▶ **REQUIREMENT**:
Restate the records in full and exactly, with no images included.

○ ○ ○ ○ ○

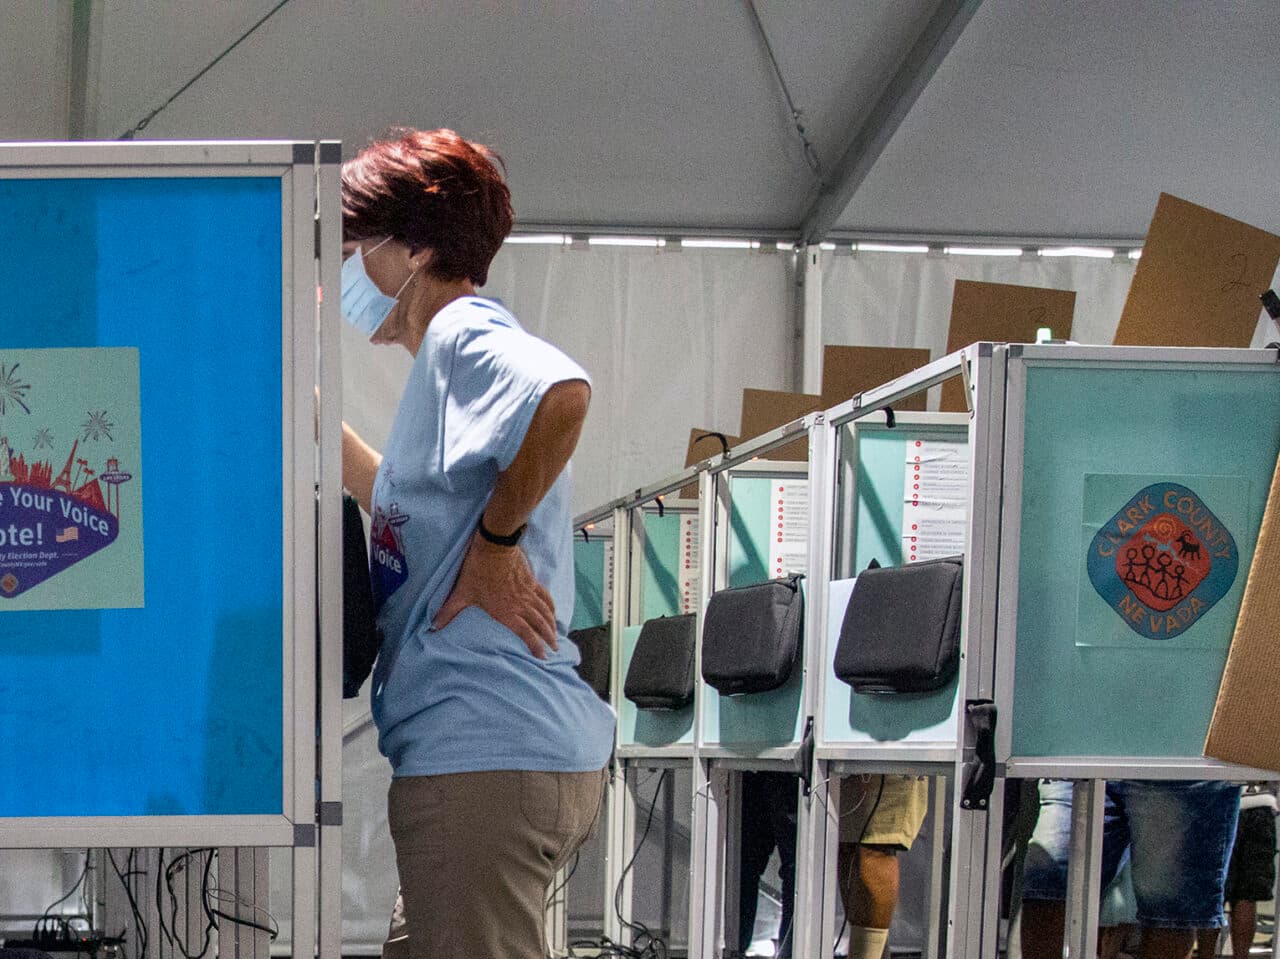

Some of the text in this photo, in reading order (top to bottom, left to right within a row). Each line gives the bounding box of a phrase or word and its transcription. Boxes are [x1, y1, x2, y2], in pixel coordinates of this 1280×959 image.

[9, 486, 53, 512] Your
[59, 497, 109, 537] Voice
[1097, 490, 1232, 559] CLARK COUNTY
[7, 551, 38, 560] Election
[39, 551, 60, 561] Dept.
[1118, 594, 1206, 635] NEVADA

○ ○ ○ ○ ○

▶ **ANSWER SECTION**:
Some of the text in this photo, in reading order (top to bottom, left to right within a row). Each line gives the bounding box of a phrase or word and its transcription. Boxes are [x1, y1, x2, y2], in pixel coordinates of this 1280×959 image.

[9, 486, 53, 512] Your
[59, 497, 109, 537] Voice
[1097, 490, 1232, 559] CLARK COUNTY
[7, 551, 38, 560] Election
[39, 551, 60, 561] Dept.
[1118, 594, 1206, 635] NEVADA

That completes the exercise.